L’Oréal has consistently ranked among the most eco-friendly and sustainable of the multi-nationals beauty players, so we caught up with a leading decision maker at the company’s Brazil operations to find out what is going on there.

Fabiana Munhoz, is head of Advanced Research,​ at L’Oréal Brazil, and has been instrumental in the development of sustainability programs that serve to promote Brazilian biodiversity and reassure consumers that the products they buy are the most eco-friendly they can be.

In this question and answer interview we asked about the company’s initiatives in the country and how the team plans to continue to improve its sustainability profile and what its ultimate plans are for the future.

How important is sustainability and which issues resonate with your customers in Brazil? And what sustainability initiatives is L’Oréal Brazil most proud of and why?

Munhoz
Fabiana Munhoz, head of Advanced Research, at L’Oréal Brazil,

L’Oréal Brazil is focusing its sustainability initiatives in two main pillars: social inclusion and sustainable value chain. One initiative that we are very proud of is the promotion of the sustainable use of Brazilian biodiversity. In 2018, more than 200 families from Maranhão, Pará and Amapá  states benefited from the direct purchasing of raw materials such as babaçu and pracaxi oil, murumuru and cupuaçu butter and Amazonian white clay. These cooperatives and associations of small farmers and harvesters were also included in our benefit sharing projects, focusing on investments in capacity building and equipment, to enhance and improve their productive capacity.

Can you tell me a little bit more about the Sharing Beauty With All program?

Sharing Beauty with All is the global sustainability program of L’Oréal initiated in 2013 and setting ambitious targets for 2020. The program is organized around 4 pillars:

-          Sustainable innovation: by 2020 we will innovate so that 100% of our products have an improved environmental or social profile

-          Sustainable production: by 2020 we will reduce our environmental footprint by 60% while bringing beauty to one billion new consumers

-          Sustainable consumption: by 2020 we will empower our consumers to make sustainable consumption choices while enhancing the planet’s beauty

-          Sustainable development: L’Oréal will share its growth with all our stakeholders, including employees, suppliers and communities around us. This includes enabling more than 100,000 people from underprivileged communities to access work.
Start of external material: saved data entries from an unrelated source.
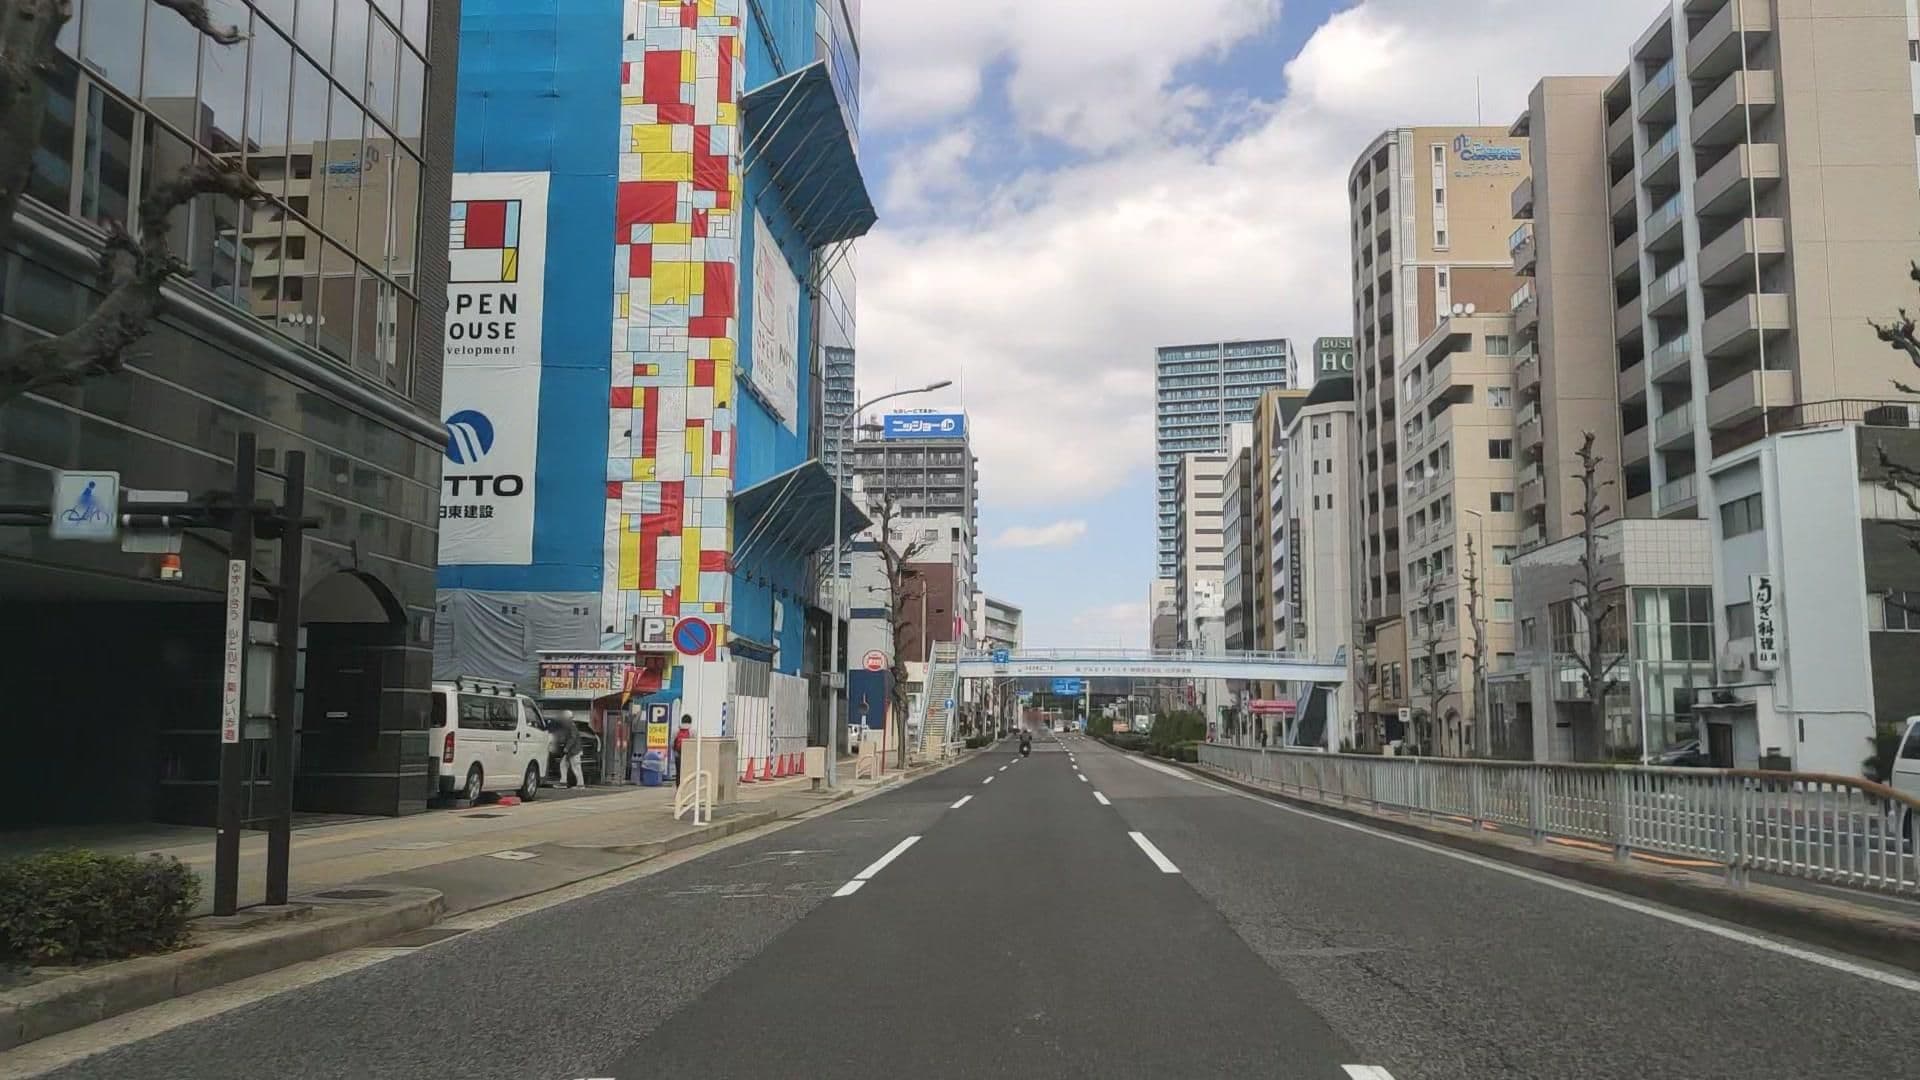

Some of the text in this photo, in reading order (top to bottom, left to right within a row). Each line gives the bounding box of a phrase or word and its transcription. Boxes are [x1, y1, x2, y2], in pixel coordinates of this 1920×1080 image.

[447, 293, 517, 315] PEN
[449, 321, 516, 340] OUSE
[447, 345, 516, 357] velopment
[1321, 351, 1354, 371] HO
[443, 474, 524, 497] TTO
[440, 505, 494, 519] 日東建設
[644, 618, 665, 642] P
[652, 706, 666, 722] P
How do you think L’Oreal product development will evolve alongside sustainability in the future?

Sustainability is already embedded in our every day life and is at the heart of our product development. Together with the support of external expert consultants, we have developed a sustainable product optimization tool, SPOT, that evaluates the life cycles of all our products. Today already, every product in the market is evaluated through this powerful tool, which is being improved continuously.

What are L’Oreal Brazil’s ambitions for sustainable product development in the future?

In Brazil, one of the main challenges  in product development is to have the right performance, for a consumer that is very exigent, at the right cost and with a positive environmental profile. These three pillars will keep driving our product development with the same level of importance. We also have the very important mission to develop the best products that answer to the high expectations of our demanding consumers, who are also the most diverse in the world. 

 

Fabiana Munhoz is head of Advanced Research at​ L’Oréal Brazil and led two sessions at in-cosmetics Latin America​ on ‘The tools for sustainable innovation’ in theMarketing Trends Theatre and a Technical Workshop on ‘A diversitied world and innovation’. The first session showcased the eco-design and sustainable sourcing tools developed by the group to achieve the goal of improving the environmental footprint, formulas, or packaging and promoting the use of renewable raw materials sustainably sourced or derived from green chemistry, generating a positive impact throughout the value chain. The Technical Workshop explored ‘five generations an their habits’, as well as ‘Autophagy applied to cosmetics.’